Impact Of Pelvicalyceal Suture Repair

Precise entry into the collecting system is often necessary to provide a safe margin of resection during laparoscopic excision of intraparenchymal, deeply infiltrating tumors. Desai et al. (47) compared the perioperative data of 27 patients undergoing laparoscopic partial nephrectomy with pelvicalyceal entry (group I) with 37 patients undergoing laparoscopic partial nephrectomy with no pelvicalyceal entry (group II). Mean depth of parenchymal tumor invasion was 1.5 + 0.8 cm in group I and 0.9 + 0.3 cm in group II. Precise intraoperative localization of collecting system entry during laparoscopic partial nephrectomy was obtained by retrograde injection of dilute indigo carmine through a previously placed ureteral catheter. Mean warm ischemia time was longer in group I versus group II (30.2 vs. 19.4 minutes; p < 0.0001). Pelvicalyceal suture repair was associated with longer hospital stay (3 vs. 1.8 days; p = 0.003). No patient undergoing pelvicalyceal entry and suture repair developed urinary leak. The authors concluded that, although laparoscopic partial nephrectomy for a tumor extending up to the collecting involves freehand laparoscopic suturing, resulting in somewhat longer, although acceptable, warm ischemia time good outcomes can be expected with a low incidence of urinary leakage.
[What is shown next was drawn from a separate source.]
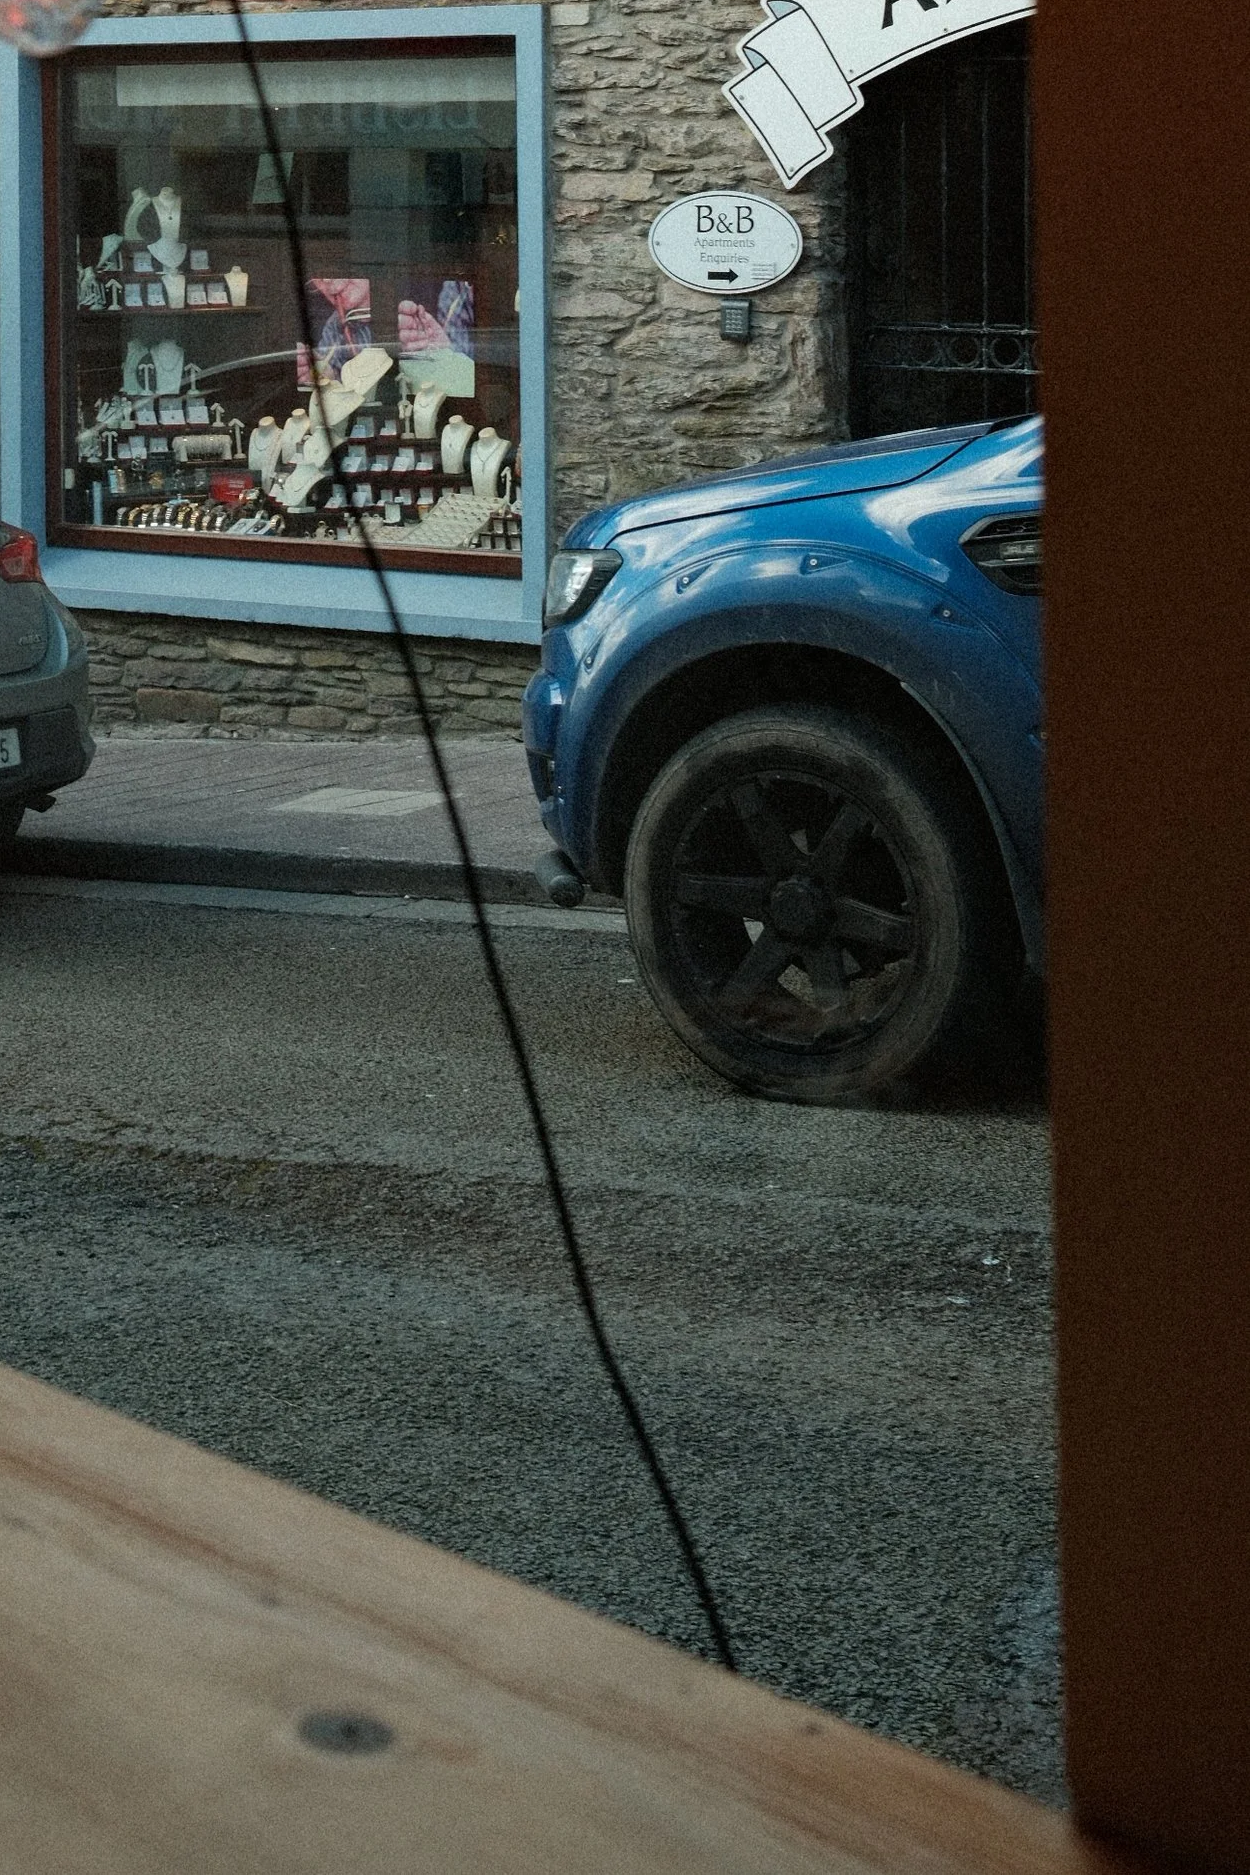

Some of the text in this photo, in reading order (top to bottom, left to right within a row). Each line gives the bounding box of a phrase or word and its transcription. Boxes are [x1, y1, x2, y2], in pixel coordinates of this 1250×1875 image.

Recently, Bove et al. (99) specifically evaluated the necessity of ureteral stenting for decreasing urinary leak after laparoscopic partial nephrectomy for single, localized, unilateral, sporadic, <4.5 cm renal tumors. Patients undergoing 5Fr open-ended ureteral catheter placement prior to laparoscopic partial nephrectomy (group I, n = 54) were compared with patients without ureteral catheter placement (group II, n = 49). Postoperative urinary leak (drain urinary output > 50 cm3per 24 hours) occurred in one patient in each group. In both these patients, the pelvicalyceal system had been suture-repaired intraoperatively during laparoscopic partial nephrectomy. Both urinary leaks were successfully managed conservatively with suction drains. The authors concluded that preoperative placement of a ureteral catheter for retrograde injection to identify collecting system entry was not routinely necessary (62). However, at the Cleveland Clinic, we continue to routinely employ a ureteral catheter because of the following reasons: (i) it is the only way to precisely identify the location of pelvicalyceal entry, (ii) occasionally, pelvicalyceal entry can occur at two different locations, which would be difficult to locate precisely without retrograde injection after one entry site has been repaired, and (iii) retrograde injection allows testing the water-tightness of pelvicalyceal suture repair.

Alternative techniques of pelvicalyceal repair were proposed by other investigators, including sealing of the laparoscopic partial nephrectomy bed using oxidized regenerated cellulose mesh impregnated with gelatin resorcinol formaldehyde glue, and fibrin-impregnated hemostatic gauze or heat-activated tissue adhesive (54,61). In the former experience, postoperative urinoma occurred despite an indwelling double-J stent in 14% of patients; in the latter (a multi-institutional experience on 53 patients), 10% of patients who underwent laparoscopic partial nephrectomy required reintervention (nephrectomy, percutaneous drainage, or ureteral stenting) for postoperative urinoma formation (113).